(Leave a comment for a chance to win a sweet new Metolius Contact Hangboard!)
After you’ve been climbing for awhile, most people tend to gravitate towards a certain a style. It might be a kind of hold your prefer, movements you enjoy, a rock type you like, etc. As such, it’s not uncommon ton find ourselves avoiding the things we aren’t good at, or don’t like.
Personally, my weakness is small holds. I dealt with a string of finger injuries for several years, and that has had the end result of me being unable to bring myself to crimp anything, no matter how small the hold is. I open hand almost everything, and have next to no crimp strength to speak of.
Worse, I also have a mental hang up about using small holds, as it’s hard for me to think I can use them without getting injured, and I’d just rather not do a specific route than risk the downtime that comes with an injury. But I know as I push myself to be a more complete climber, I need to move beyond this weakness, and I’ve found hangboarding to be the best method for working on this in a systematic and controlled way. (For more resources on this topic, see the post about Ramping up Your Training.)
So what is it for you? What’s your climbing kryptonite, the thing you need to work on to make you a more well-rounded climber?
Leave a comment and you’ll be entered to win the new Metolius Contact Hangboard. Even if finger strength isn’t your weakness, it’s something we can all work on, and this is a great way to do it. We’ve had the Contact up in our gym since November and it’s been an incredible training tool. Click the ad below to find out more, and be sure to leave a comment for your chance to win!
Contest closes on 3/31/13, one entry per person. Winners will be chosen by random drawing through the Splitter Choss super computer. If you won last month, you can’t win this month. Folks affiliated with Splitter Choss aren’t allowed to enter, more fine print, etc, etc, etc.
Hayden Carpenter and Tom Bohanon recently repeated an obscure ice climb on the south side of Mt Sopris. Given a brief mention in Jack Robert’s ice guide, Bulldog Creek Walk is described as being 100 meters of WI 4. What they found was seven pitches of ice in a remote setting that makes for one […]
Small holds are definitely a weakness for me as well, so it’s easy to relate. My biggest weakness, however, is maintaining technique even when stressed. As I get more and more pumped, run out or just tired, my technique falls apart. With my head focused on how shitty it will be when I fall, I have a hard time remembering everything that will prevent me from falling!
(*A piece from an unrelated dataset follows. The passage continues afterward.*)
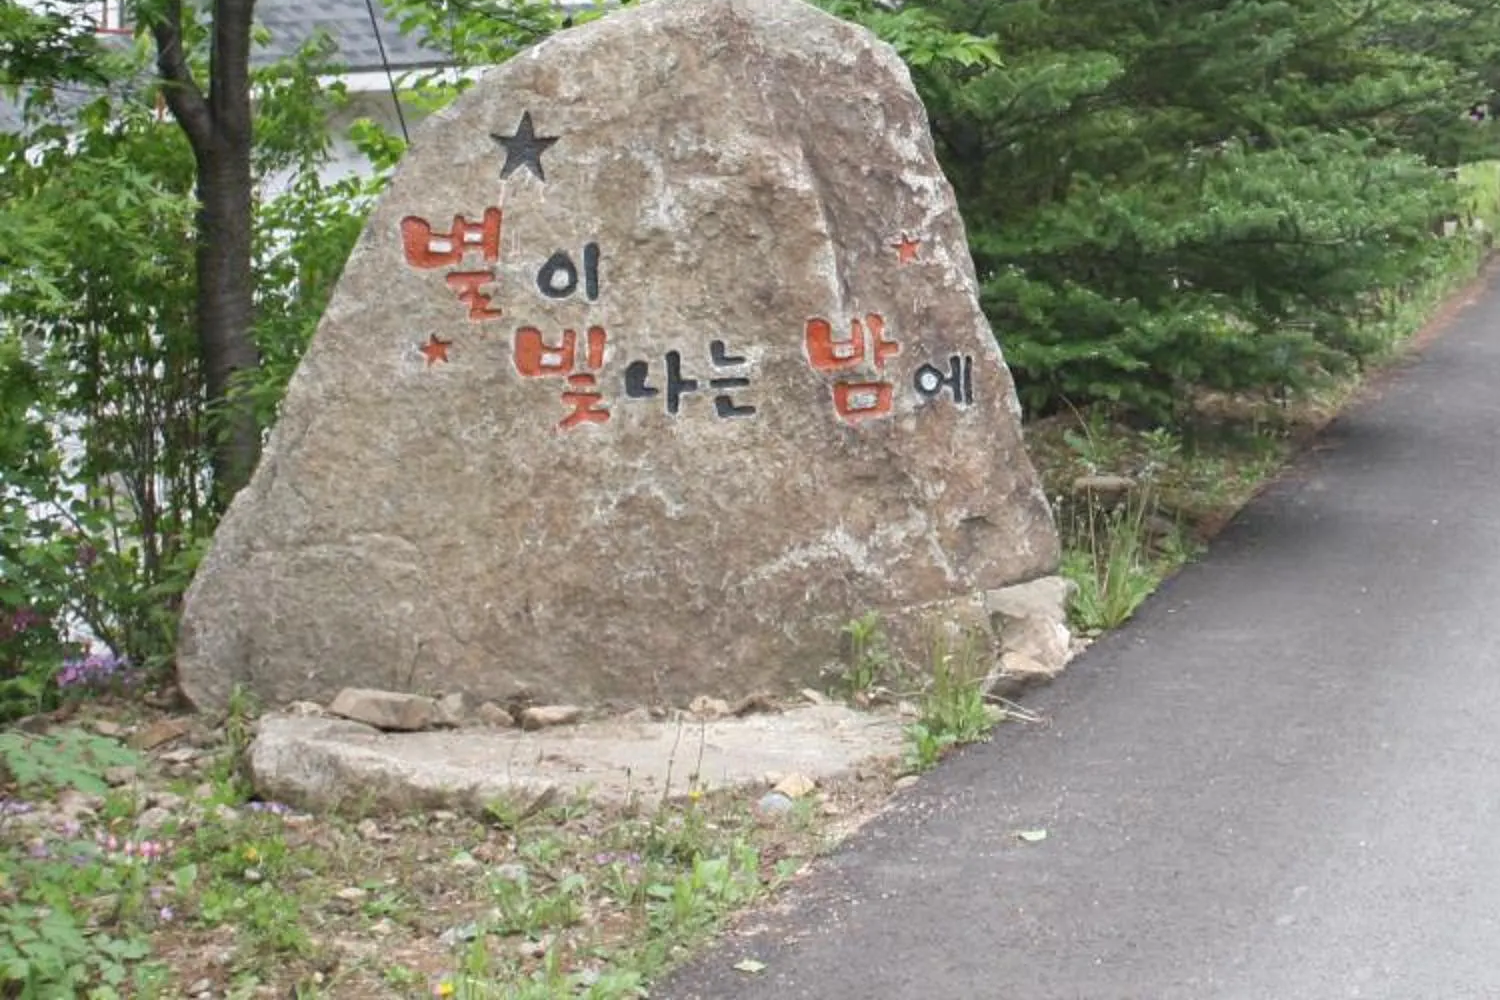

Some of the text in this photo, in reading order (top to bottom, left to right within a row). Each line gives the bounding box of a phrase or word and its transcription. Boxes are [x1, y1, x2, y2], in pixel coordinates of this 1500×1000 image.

[400, 206, 600, 321] 별이
[515, 312, 973, 431] 빛나는 밤에
Been working on it but, that’s still what prevents me from finishing a lot of climbs.
Pabst.
Overhangy rotational problems
Weakness at this point it staying mentally positive trying to get back into it. Having been a very good climber when I was competitive, I have a hard time with not being anywhere near what I used to be. I think anyone that’s taken a long break or suffered a major injury can relate. I’ve always had a respect for the process but not necessarily patience with it.
slippery chimneys…though a little finger strength wouldn’t hurt!
Overhanging walls. I’m decent on slab and vertical, but once it gets too overhanging and I have to hold my weight on my fingers, I’m toast.
I learned to climb in Arkansas and Kentucky…and the gym–the three capitals of juggy holds and sloppy feet. So now that I live 2 hours from Moab, it’s obvious…I suck at cracks and smears. But damn, cutting my teeth has never been so fun.
ps. Any comments on the rumor that the new western slope guidebooks are coming out this month. The Summit Canyon people are starting to get creeped out from my frequent visits just to “check in.”
Unfortunately you are going to have to wait a little bit longer for the book, not sure right now when it will be out. Once we have a better idea I’ll be sure to let you know.
For me, it’s going for moves that I might come off of. Got hurt this week last year in a lead fall and messed up my ankle, and since then, I’ve been kind if sketched out about stuff where that could happen again–especially bouldering landings, and not climbing as much or as hard as I want to aggrevates the not being patient part someone above mentioned–i sympathize with that very much!
Definitely sloper strength. I have so many projects that involve slopers that I can’t quite hold onto. I’ve been out of climbing for an injury recently, which makes it hard to work on my grip. Can’t wait to get back in it next week!
I’m weak on everything ‘bouldery’. I guess I’ve got magnificient tactics on longer roped climbs but when it comes to pure hard movement I tend to fall a lot earlier than many of my friends climbing around same level routes. That being small crimps and big overhung moves with dynos are my nemesis. Lock offs are also hard for me. Maybe such extreme method as campusing would actually suit me in my situation although I generally think it’s not as clever training as other ways of climbing.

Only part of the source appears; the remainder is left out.